Soñé que tenía un examen y no llegaba

Soñé que tenía un examen y no llegaba

Isaac Rosa

“Si solo pudieras donar dinero para una sola causa, ¿lo darías a Notre Dame o al Amazonas?”

Venga ya, ¿en serio? Alfombra roja nada más empezar el programa. Hace un esfuerzo por contener la eufórica sonrisa (“sé humilde, no vayas de sobrado”, le aconsejaron). Hace otro esfuerzo, teatral esta vez, para que no se le note demasiado que trae la respuesta memorizada: “Buena pregunta”, dice, y mira al techo como buscando inspiración, se muerde el labio inferior, titubea como si se le estuviese ocurriendo justo en ese momento la magnífica respuesta:

“Buena pregunta, Pablo. Si tuviera que elegir, mi dinero sería para el Amazonas. Sin dudarlo. El medio ambiente es mi primera preocupación. Pero ¿sabes qué? Yo no quiero elegir. No es justo que el precio de salvar el Amazonas sea condenar Notre Dame a la destrucción. Tampoco al revés. ¿Sabéis lo que he hecho? He donado para ambas causas. He aportado dinero a una ONG ecologista, y he contribuido también al fondo de reconstrucción de la catedral de París. Y algo más: haré que mi gobierno participe con una aportación de fondos en ambas causas.”

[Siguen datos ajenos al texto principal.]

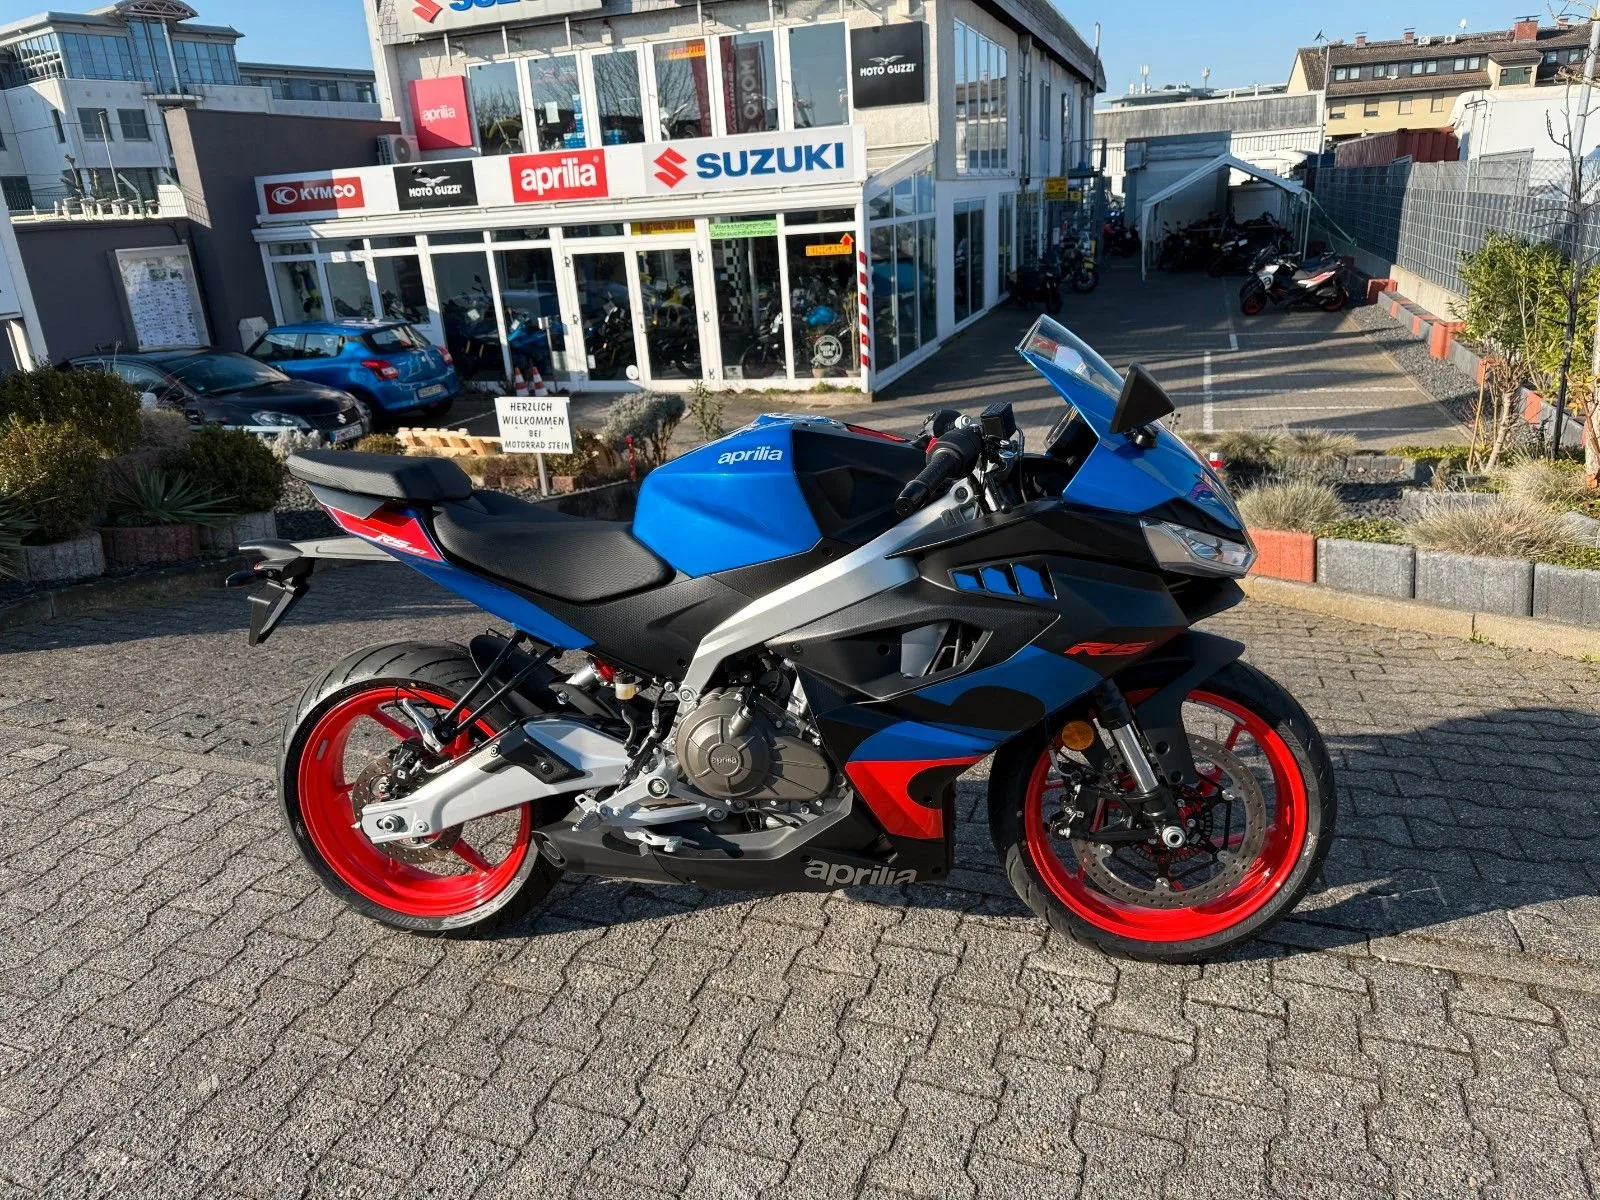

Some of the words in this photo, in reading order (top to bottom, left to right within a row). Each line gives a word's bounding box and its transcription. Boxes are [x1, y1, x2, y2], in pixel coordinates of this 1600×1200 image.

[859, 64, 884, 77] MOTO
[887, 63, 915, 75] GUZZI
[422, 104, 456, 123] aprilia
[696, 142, 845, 180] SUZUKI
[521, 157, 597, 196] aprilia
[300, 184, 356, 200] KYMCO
[408, 186, 432, 198] MOTO
[434, 184, 461, 196] GUZZI
[807, 245, 850, 255] EINGANG
[510, 402, 553, 412] HERZLICH
[502, 416, 565, 426] WILLKOMMEN
[529, 429, 541, 438] BEI
[504, 440, 546, 450] MOTORRAD
[548, 441, 570, 450] STEIN
[717, 446, 783, 465] aprilia
[1064, 641, 1154, 656] RS
[711, 755, 737, 766] aprilia
[804, 859, 918, 886] aprilia
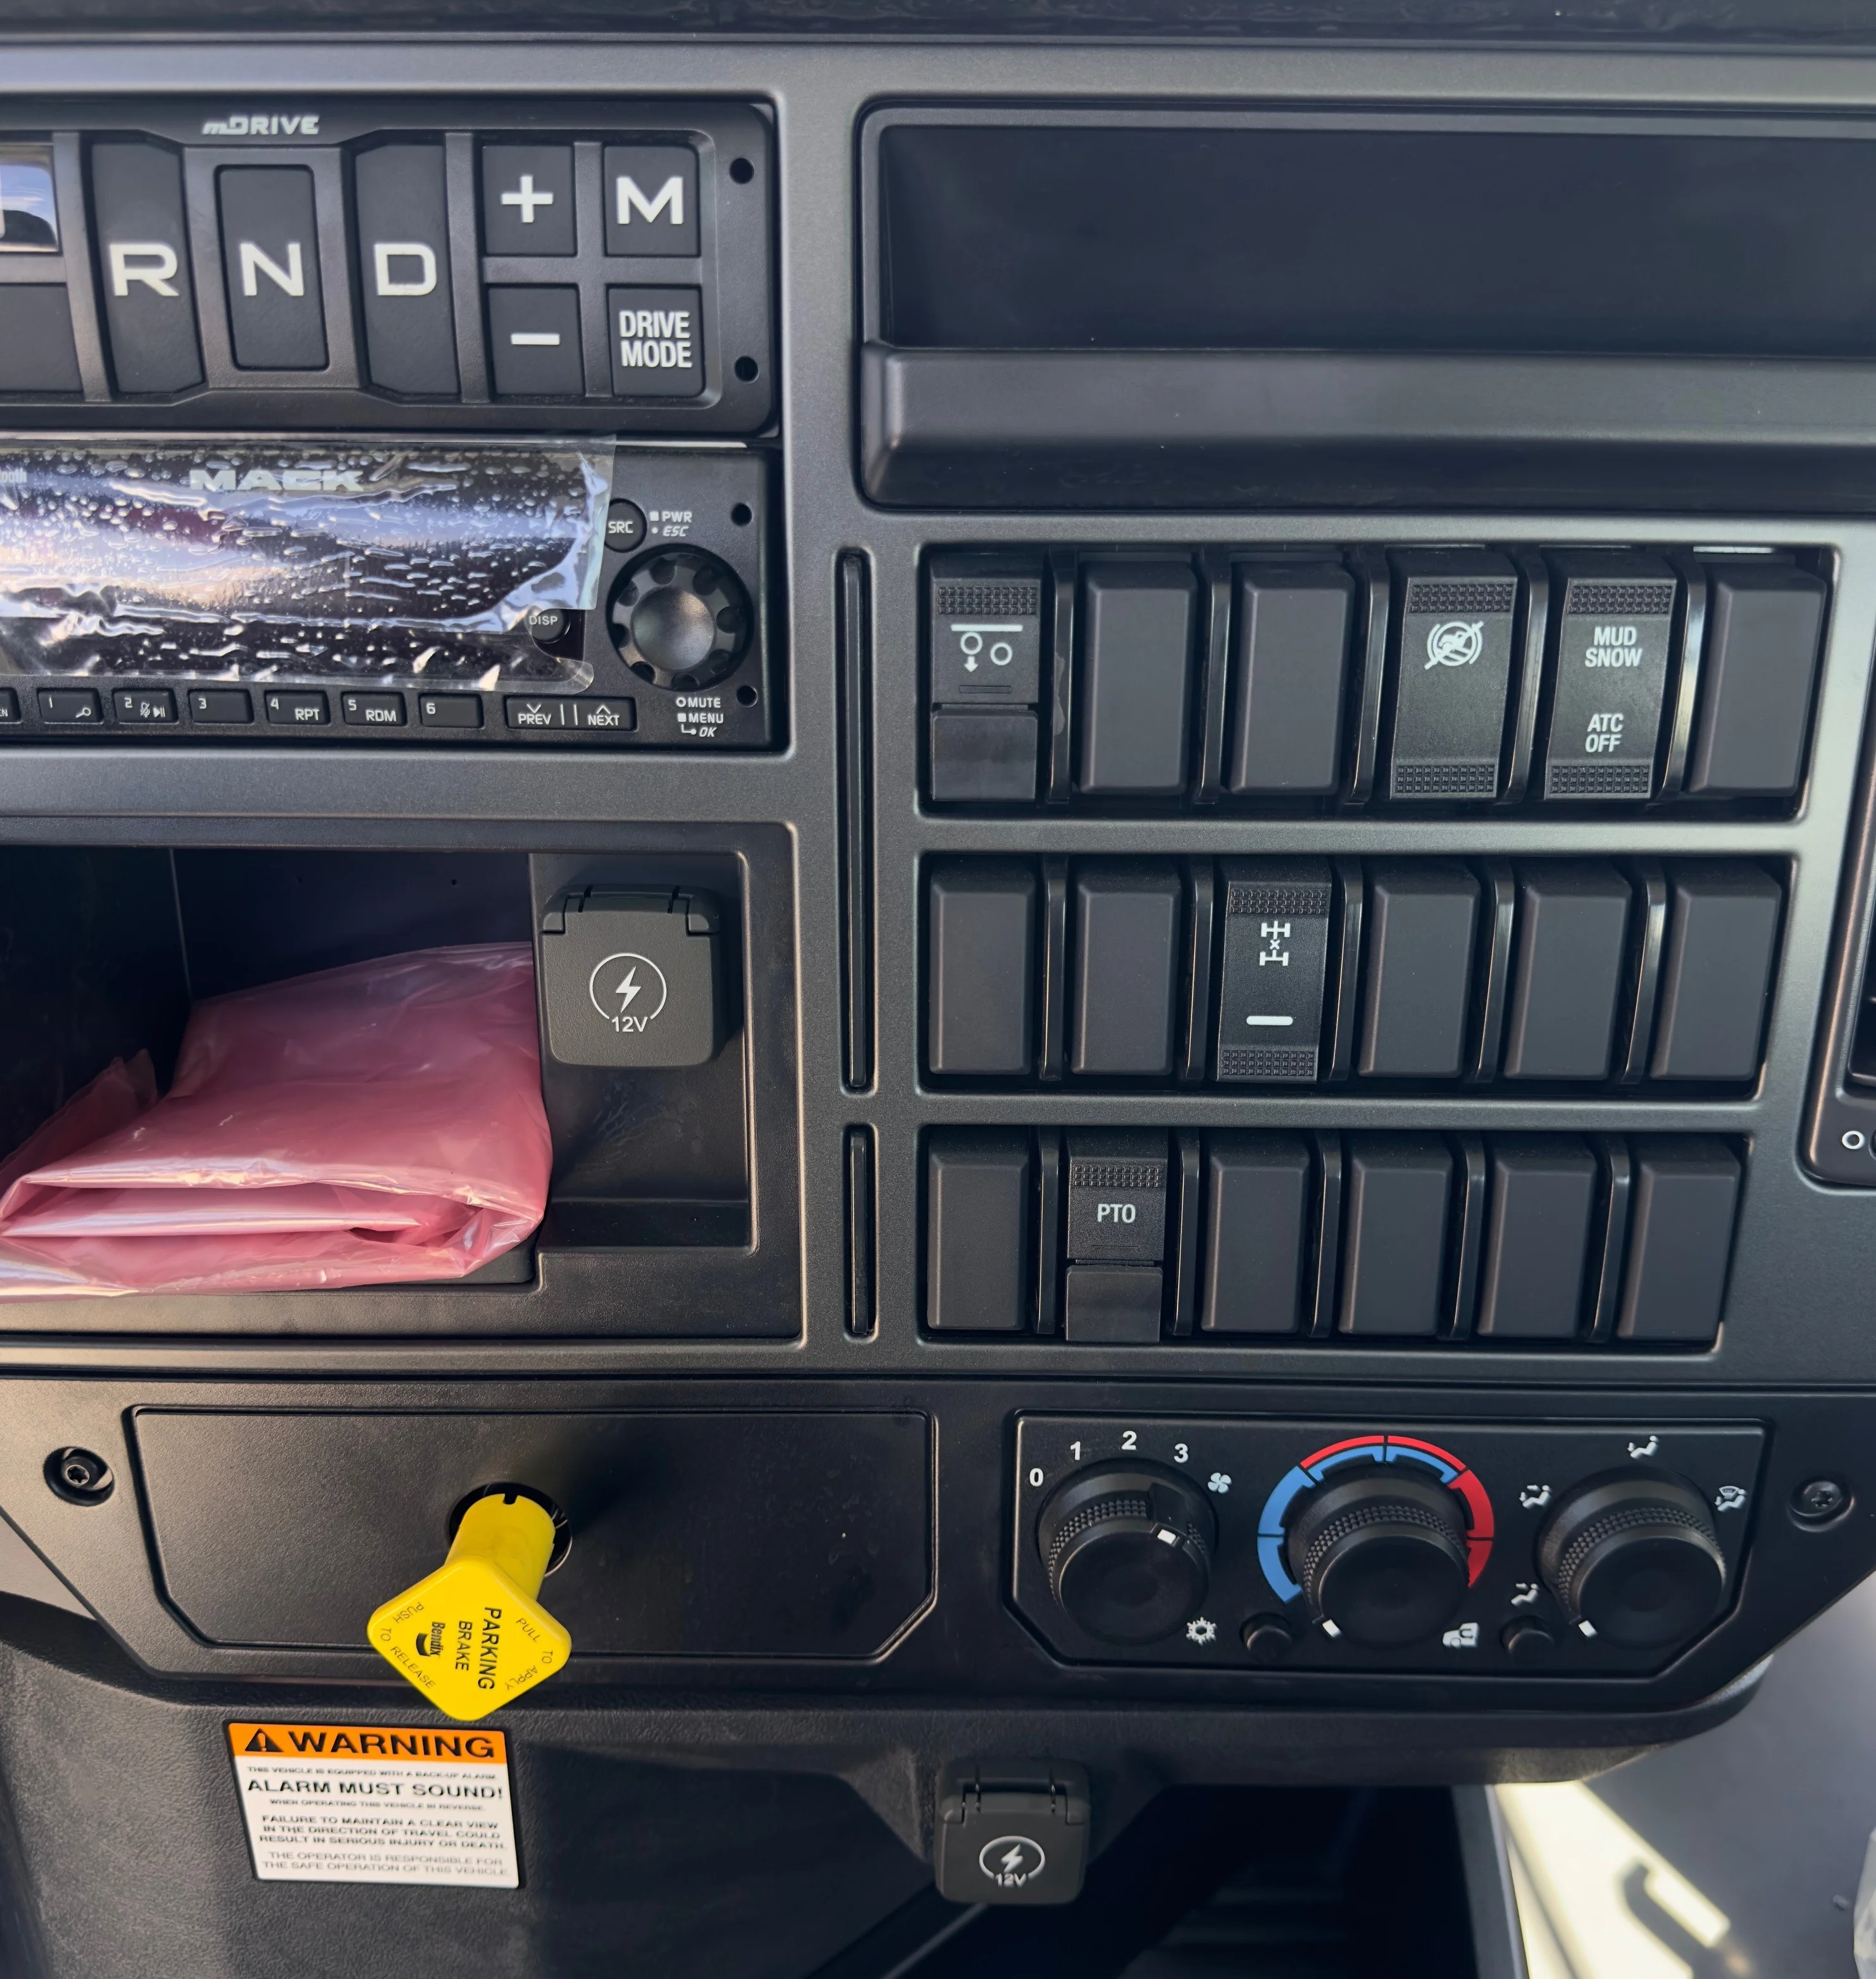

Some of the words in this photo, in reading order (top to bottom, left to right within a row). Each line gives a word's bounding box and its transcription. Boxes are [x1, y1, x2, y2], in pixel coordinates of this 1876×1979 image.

[616, 176, 683, 225] M
[109, 243, 179, 296] R
[240, 243, 304, 296] N
[374, 243, 438, 296] D
[619, 310, 690, 339] DRIVE
[621, 340, 693, 368] MODE
[190, 469, 363, 491] MACK
[661, 511, 692, 523] PWR
[608, 521, 633, 534] SRC
[662, 525, 690, 537] ESC
[529, 615, 558, 626] DISP
[1593, 626, 1638, 647] MUD
[1584, 647, 1643, 668] SNOW
[124, 697, 133, 709] 2
[199, 697, 207, 709] 3
[270, 698, 280, 710] 4
[348, 699, 357, 711] 5
[426, 702, 436, 715] 6
[688, 697, 721, 708] MUTE
[295, 709, 320, 721] RPT
[366, 709, 397, 722] RDM
[518, 713, 552, 725] PREV
[587, 714, 620, 727] NEXT
[688, 713, 724, 724] MENU
[1586, 713, 1624, 733] ATC
[699, 727, 717, 737] OK
[1585, 734, 1622, 753] OFF
[612, 1016, 648, 1032] 12V
[1096, 1204, 1136, 1223] PTO
[1122, 1430, 1137, 1451] 2
[1070, 1441, 1081, 1460] 1
[1174, 1443, 1189, 1463] 3
[1029, 1468, 1043, 1487] 0
[392, 1602, 425, 1623] PUSH
[380, 1627, 392, 1642] TO
[430, 1621, 445, 1656] Bendix
[516, 1618, 540, 1643] PULL
[455, 1620, 473, 1671] BRAKE
[478, 1606, 502, 1690] PARKING
[542, 1650, 553, 1664] TO
[390, 1645, 437, 1689] RELEASE
[504, 1665, 538, 1690] APPLY
[289, 1731, 495, 1758] WARNING
[248, 1779, 331, 1794] ALARM
[339, 1782, 404, 1795] MUST
[413, 1783, 503, 1799] SOUND!
[301, 1799, 357, 1807] OPERATING
[262, 1814, 317, 1823] FAILURE
[321, 1816, 337, 1824] TO
[342, 1816, 402, 1826] MAINTAIN
[420, 1819, 462, 1827] CLEAR
[467, 1821, 498, 1829] VIEW
[280, 1825, 304, 1833] THE
[309, 1826, 377, 1835] DIRECTION
[404, 1828, 452, 1837] TRAVEL
[456, 1830, 500, 1839] COULD
[259, 1835, 309, 1843] RESULT
[330, 1837, 385, 1845] SERIOUS
[390, 1839, 435, 1847] INJURY
[269, 1851, 294, 1859] THE
[297, 1852, 366, 1861] OPERATOR
[385, 1854, 473, 1864] RESPONSIBLE
[476, 1857, 502, 1865] FOR
[291, 1861, 322, 1870] SAFE
[327, 1863, 399, 1871] OPERATION
[425, 1865, 451, 1873] THIS
[995, 1873, 1027, 1888] 12V

La veintena de niñas y niños rompe en un aplauso enérgico, y él afloja mucha de la tensión con la que entró por la puerta del aula. La tensión de los minutos previos, el trayecto desde la sede del partido hasta el colegio, el saludo del equipo directivo, el maquillaje, las indicaciones del realizador para que no se mueva más allá del espacio marcado con cinta adhesiva en el suelo y así no quedar fuera de los tiros de cámara. Y los días previos, los ensayos con su equipo, la sensación tan odiosa como excitante de estar preparando un examen. Justo eso: un examen. En plena precampaña electoral. Incluso la divertida pesadilla de dos noches antes, un viejo sueño regresado de su juventud: tener un examen y no poder llegar a tiempo, perderte por una ciudad que no conoces, no conseguir correr porque las piernas pesan, se anclan al suelo, cada paso es un esfuerzo descomunal que requiere máxima concentración y nunca llegarás. Y mira ahora: nada más comenzar, primera pregunta y aplauso.

Las siguientes son incluso más fáciles: Miguel quiere saber qué medio de transporte usa cada día (“me encantaría coger más el transporte público, pero mi agenda no siempre me lo permite. Siempre que puedo, voy caminando”). Elena le pregunta si copió en algún examen cuando era estudiante (“copiar está feo, Elena, hay que esforzarse en los estudios; pero ahora que nadie nos oye…”). Julia le pide que diga qué haría él con la tumba de Franco (“buscar el mayor consenso, siempre; y por supuesto respetar la ley y los tribunales”); Juan, si da limosna a la gente que mendiga en la calle (“mejor enseñar a pescar que dar peces, ¿no crees, Juan?”).

A todos responde con calma (“no hables deprisa, que transmite inseguridad”, le aconsejaron), se adorna con anécdotas tan personales como apócrifas (“el factor humano, busca siempre la conexión emocional”), o les devuelve la pregunta para que le ayuden a encontrar la mejor respuesta (“son niños, no los trates como si fuesen imbéciles”).

Así se van los primeros diez minutos de programa. Esto está hecho. Se encuentra cómodo, se está gustando, pasea alegre entre los pupitres, gesticula mucho al hablar, ríe.

“Venga, siguiente pregunta. A ver, Andrea…”

La pelirroja Andrea mordisquea un lápiz, agacha la mirada tímida, coge aire antes de hablar: “¿De qué equipo de fútbol eres?”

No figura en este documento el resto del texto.